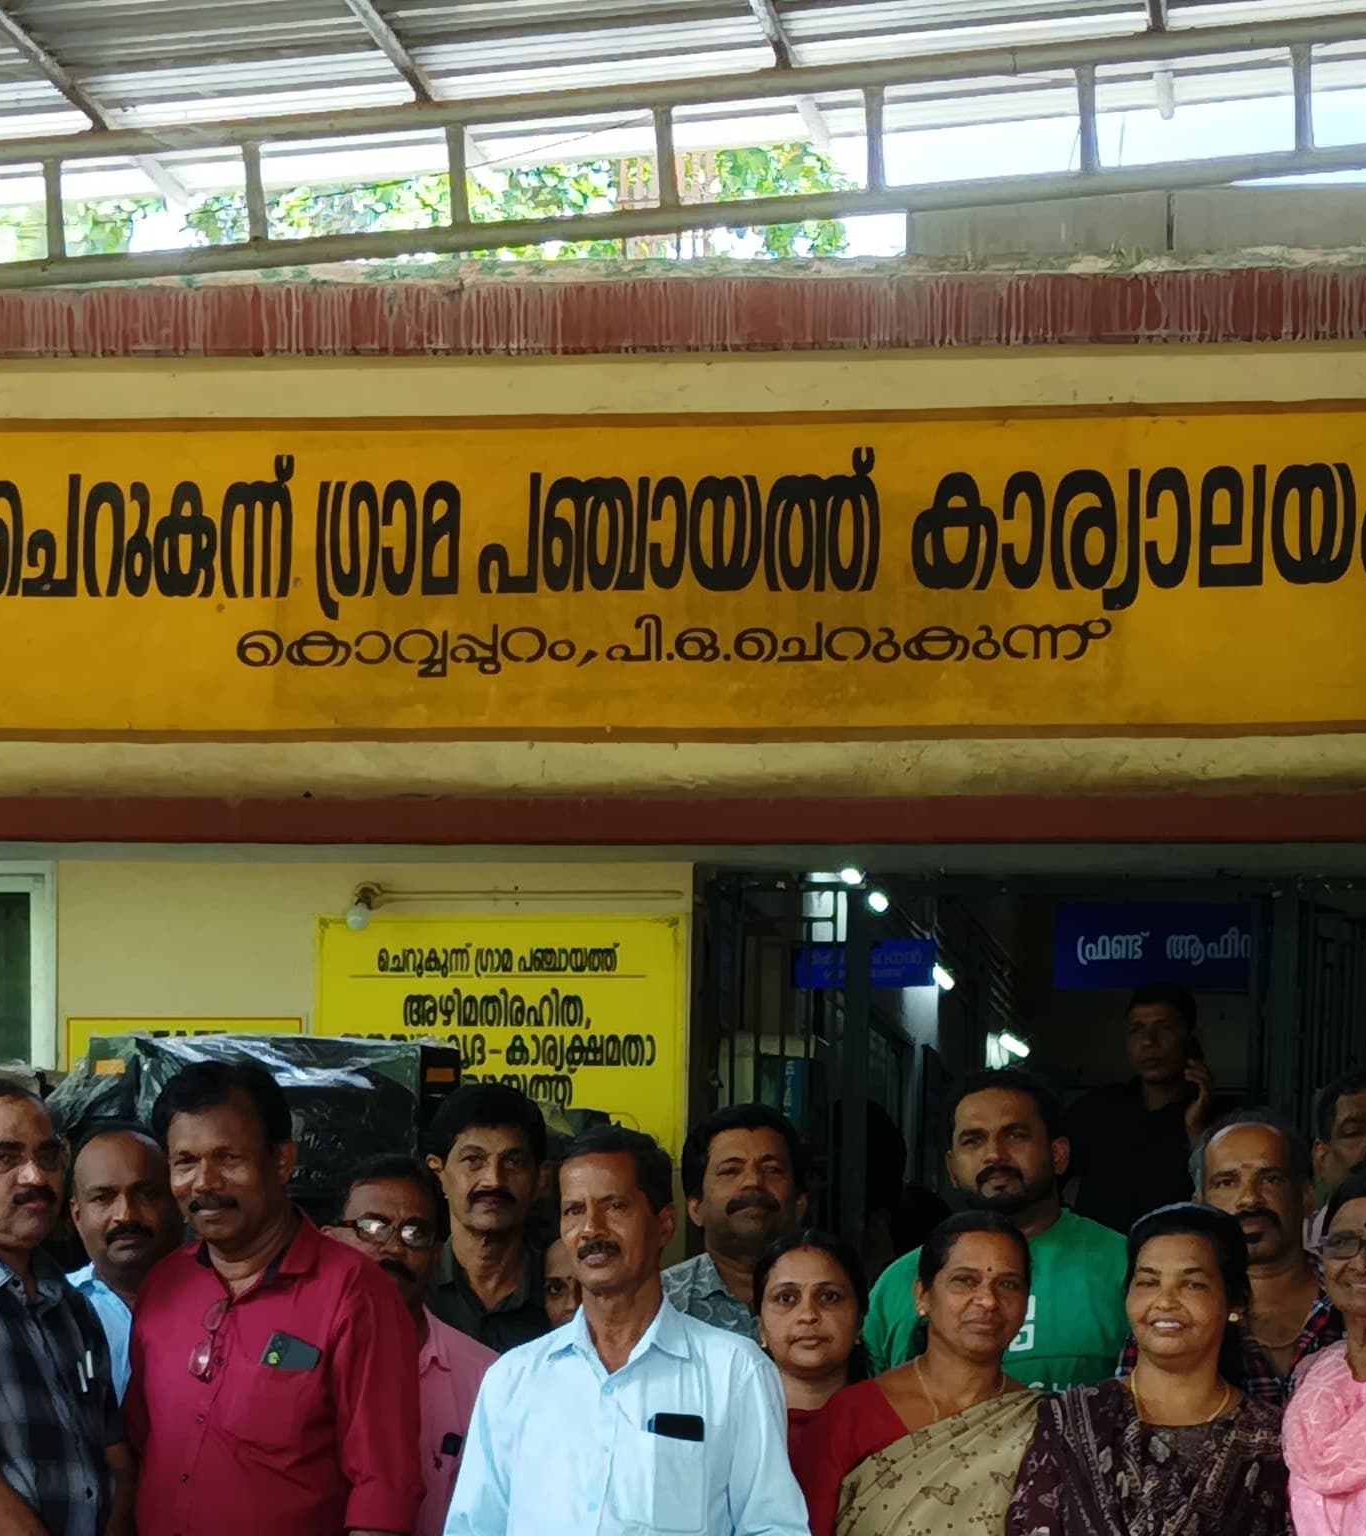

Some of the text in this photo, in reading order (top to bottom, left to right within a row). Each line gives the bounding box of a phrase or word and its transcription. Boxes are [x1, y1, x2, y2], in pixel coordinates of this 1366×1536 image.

[316, 478, 462, 620] ഗ്രാമ
[477, 446, 881, 594] പഞ്ചായത്ത്
[377, 941, 620, 979] ചെറുകുന്ന് ഗ്രാമ പഞ്ചായത്ത്
[403, 987, 592, 1030] അഴിമതിരഹിത,
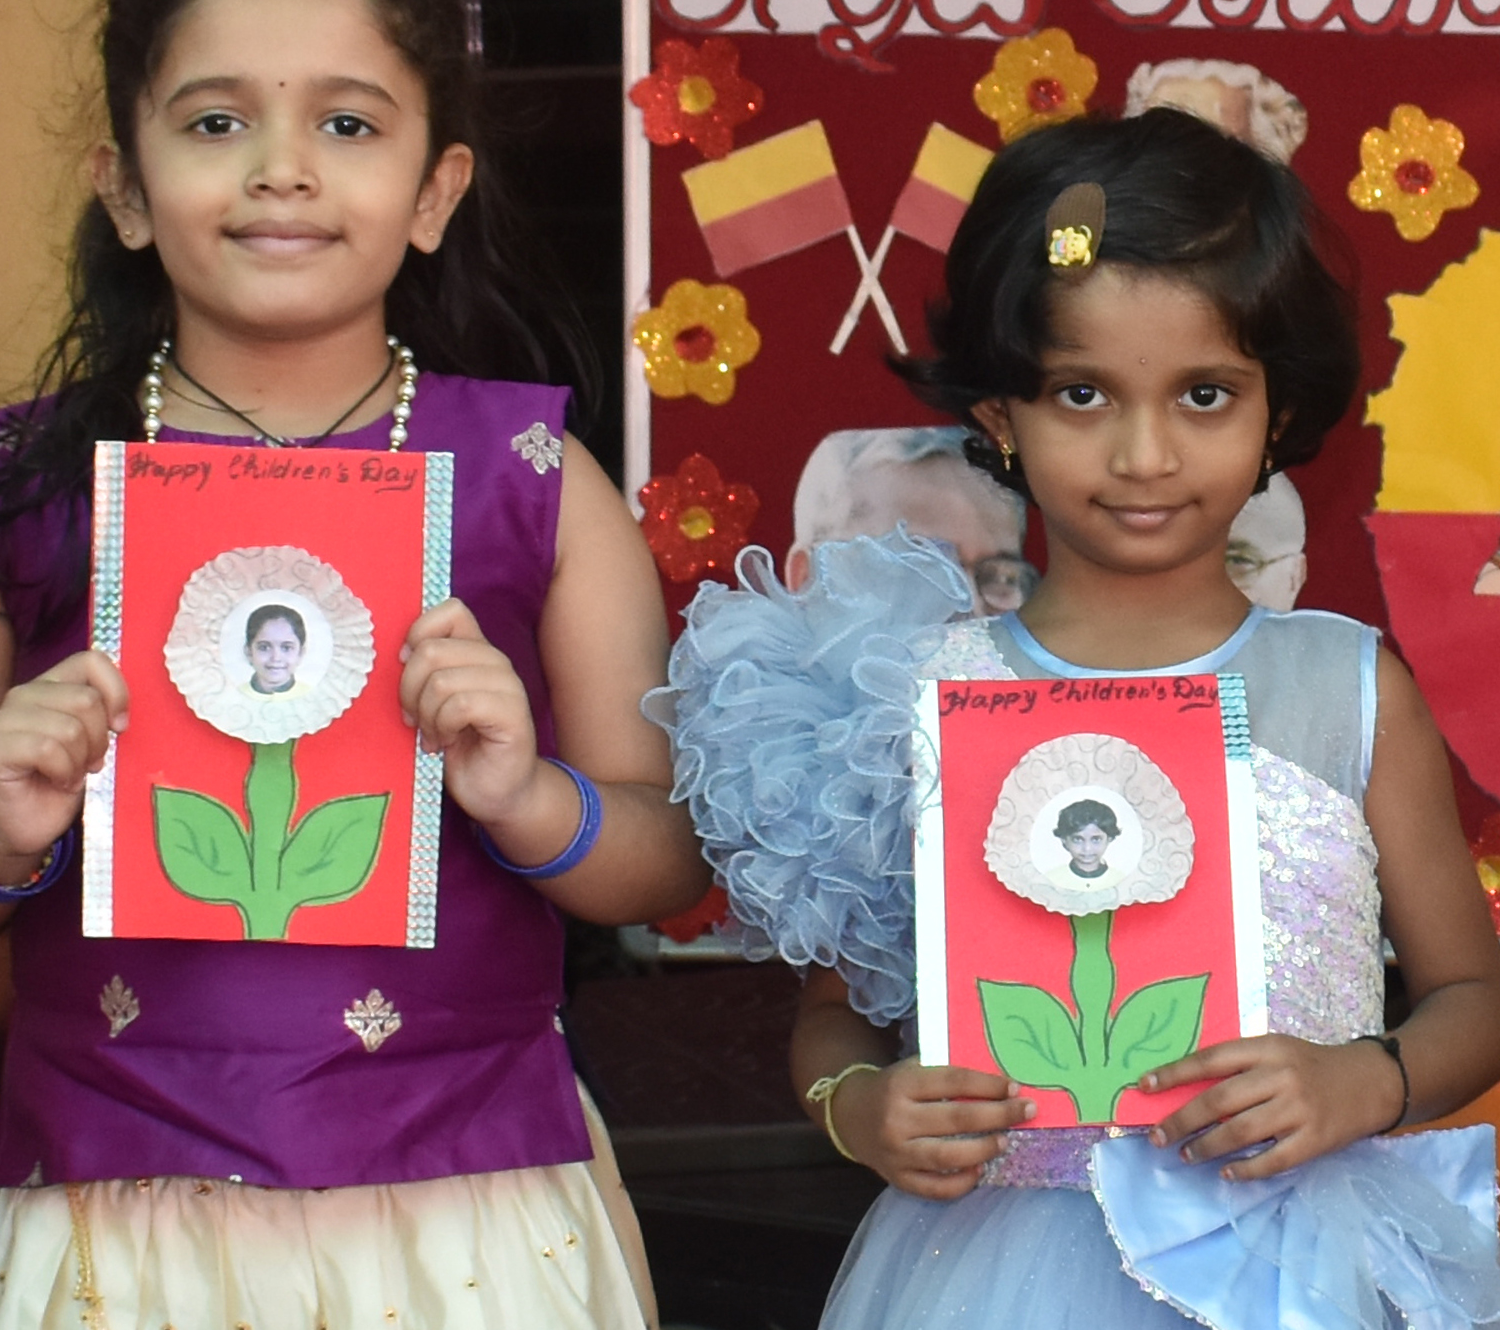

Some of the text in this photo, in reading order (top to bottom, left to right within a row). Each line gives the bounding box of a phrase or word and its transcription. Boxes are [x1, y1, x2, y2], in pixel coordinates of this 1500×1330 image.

[127, 451, 418, 494] Happy Children's Day
[939, 676, 1219, 716] Happy Children's Day
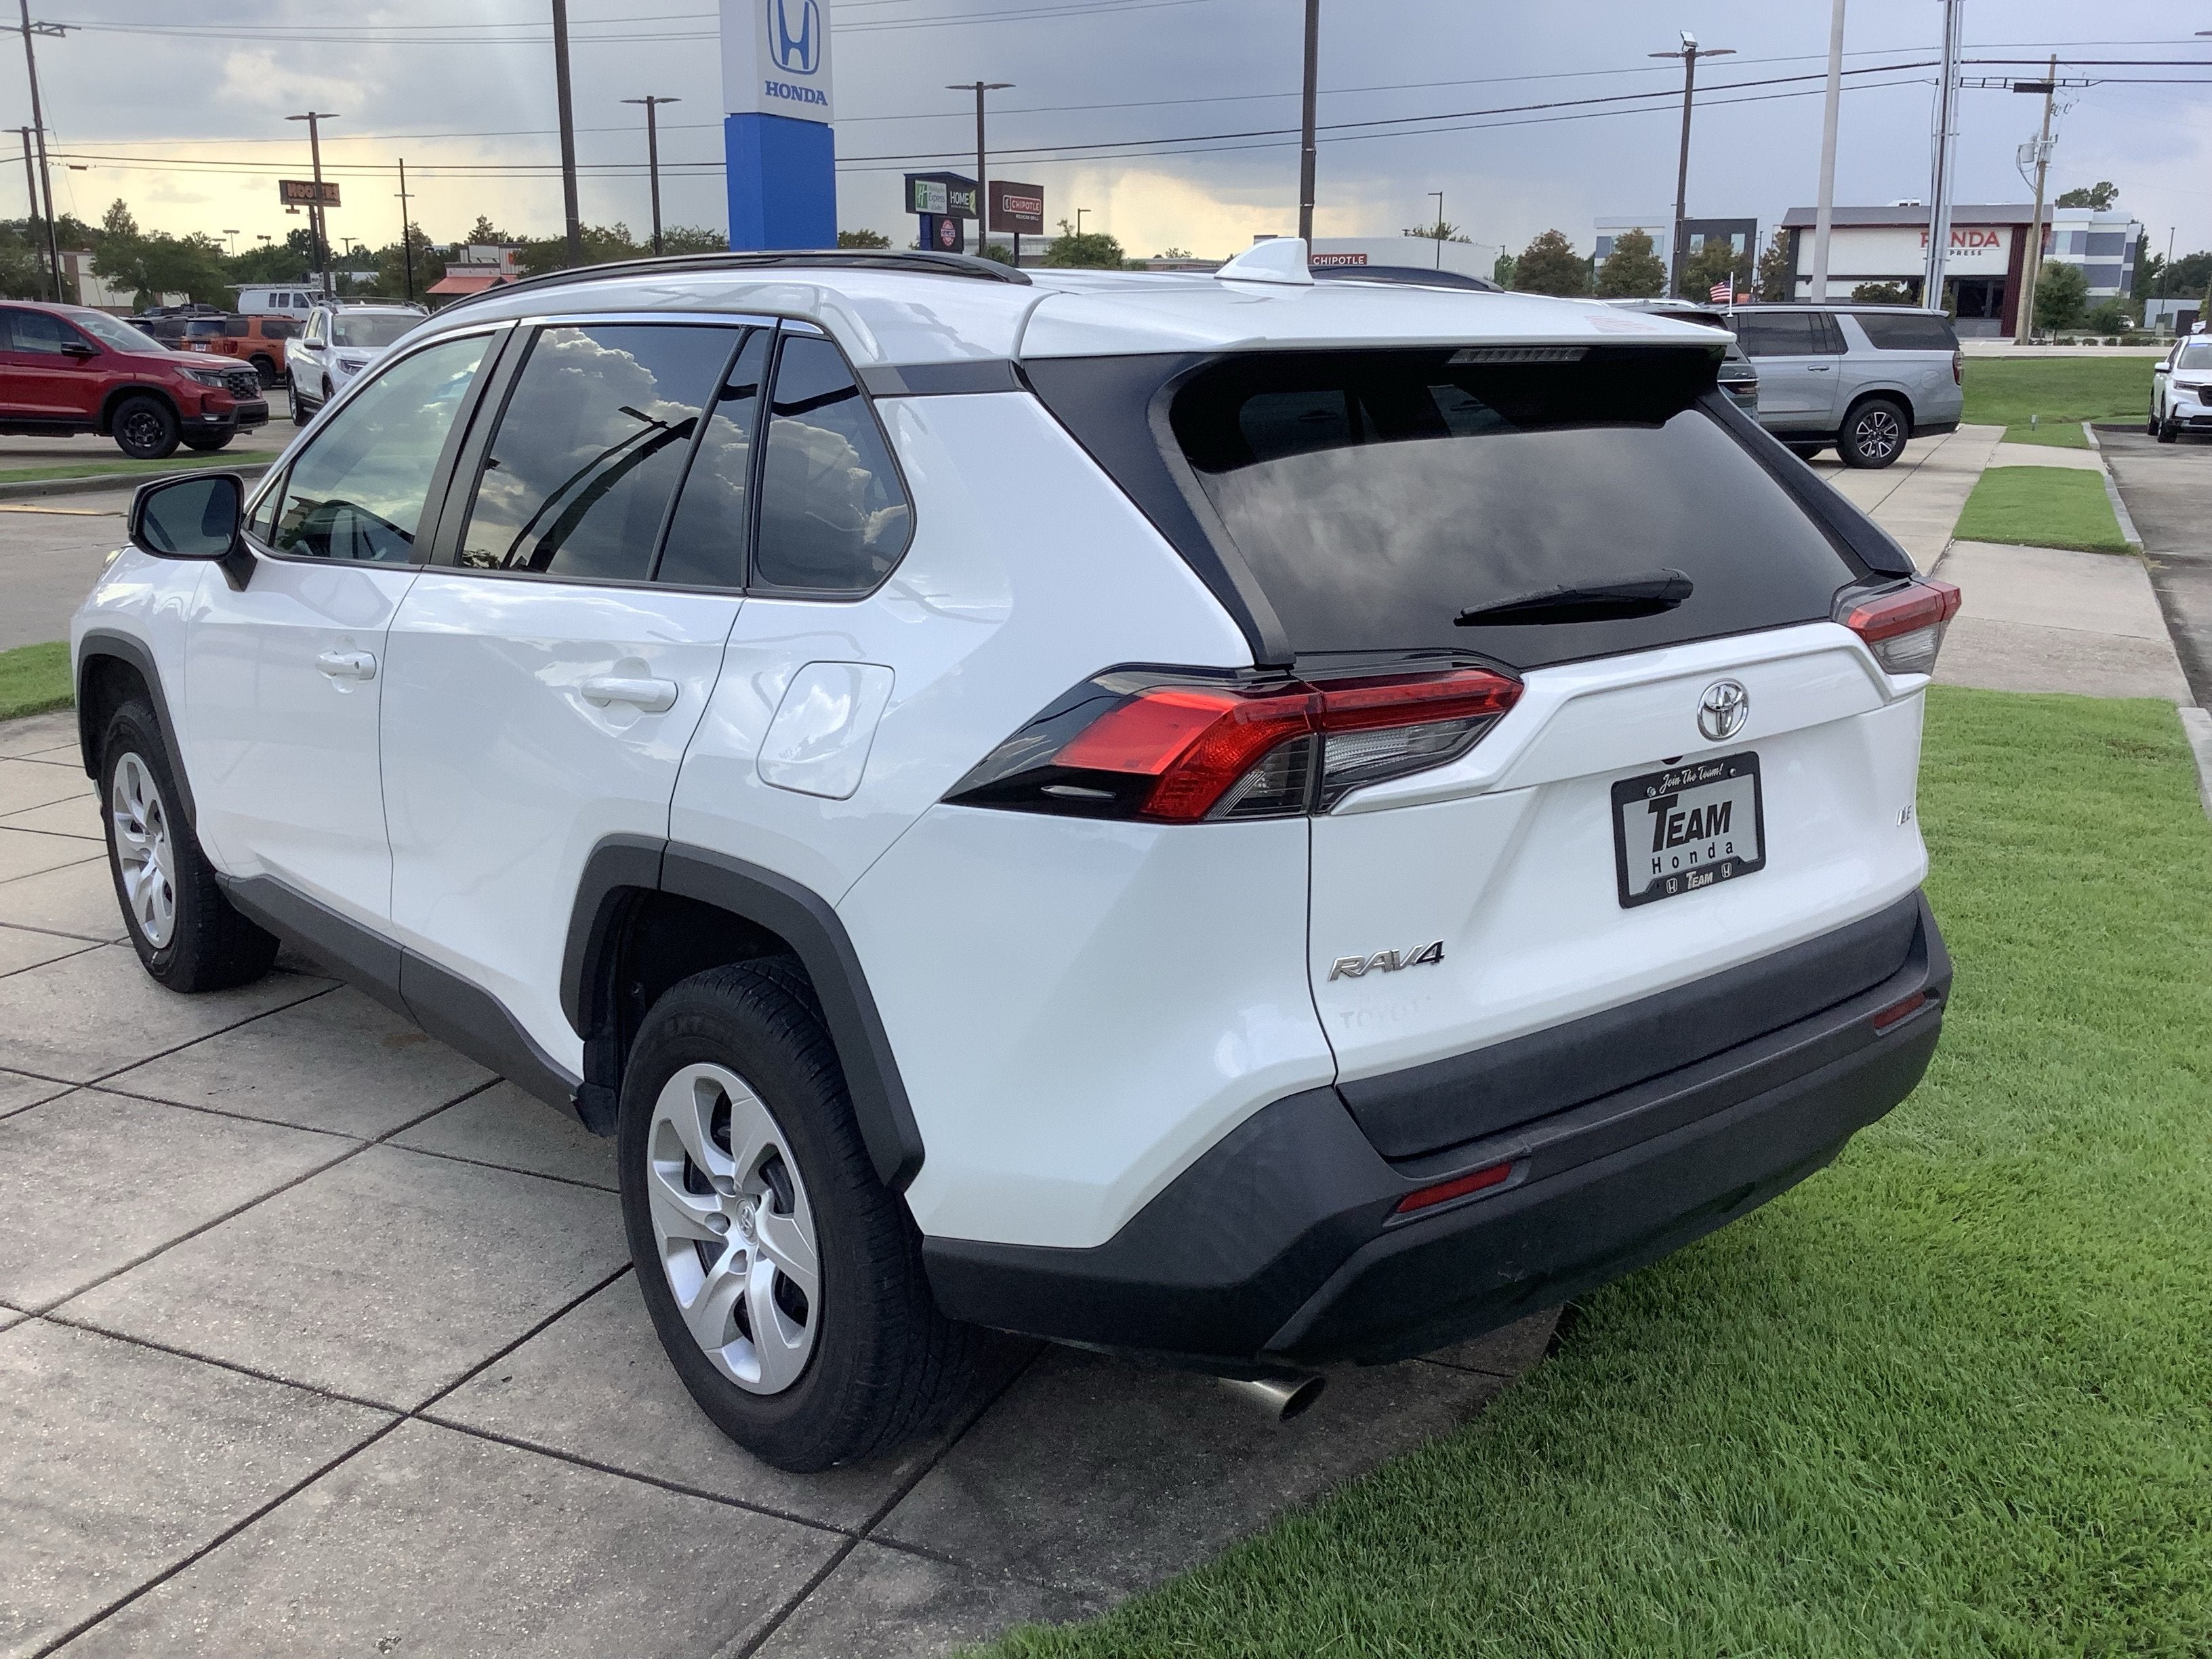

■ ■ ■

**Work order**
Hand back exactly the lines from the one with "this 1500×1330 image." through the last line of the data above, both ends included, with every picture left out.

**Solution for this exercise**
Some of the text in this photo, in reading order (top to bottom, left to right within a row). Each line gives the bounding box of a phrase or word and its transcription. Boxes are [x1, y1, x2, y2], in pixel coordinates of this 1500×1330 image.

[127, 451, 418, 494] Happy Children's Day
[939, 676, 1219, 716] Happy Children's Day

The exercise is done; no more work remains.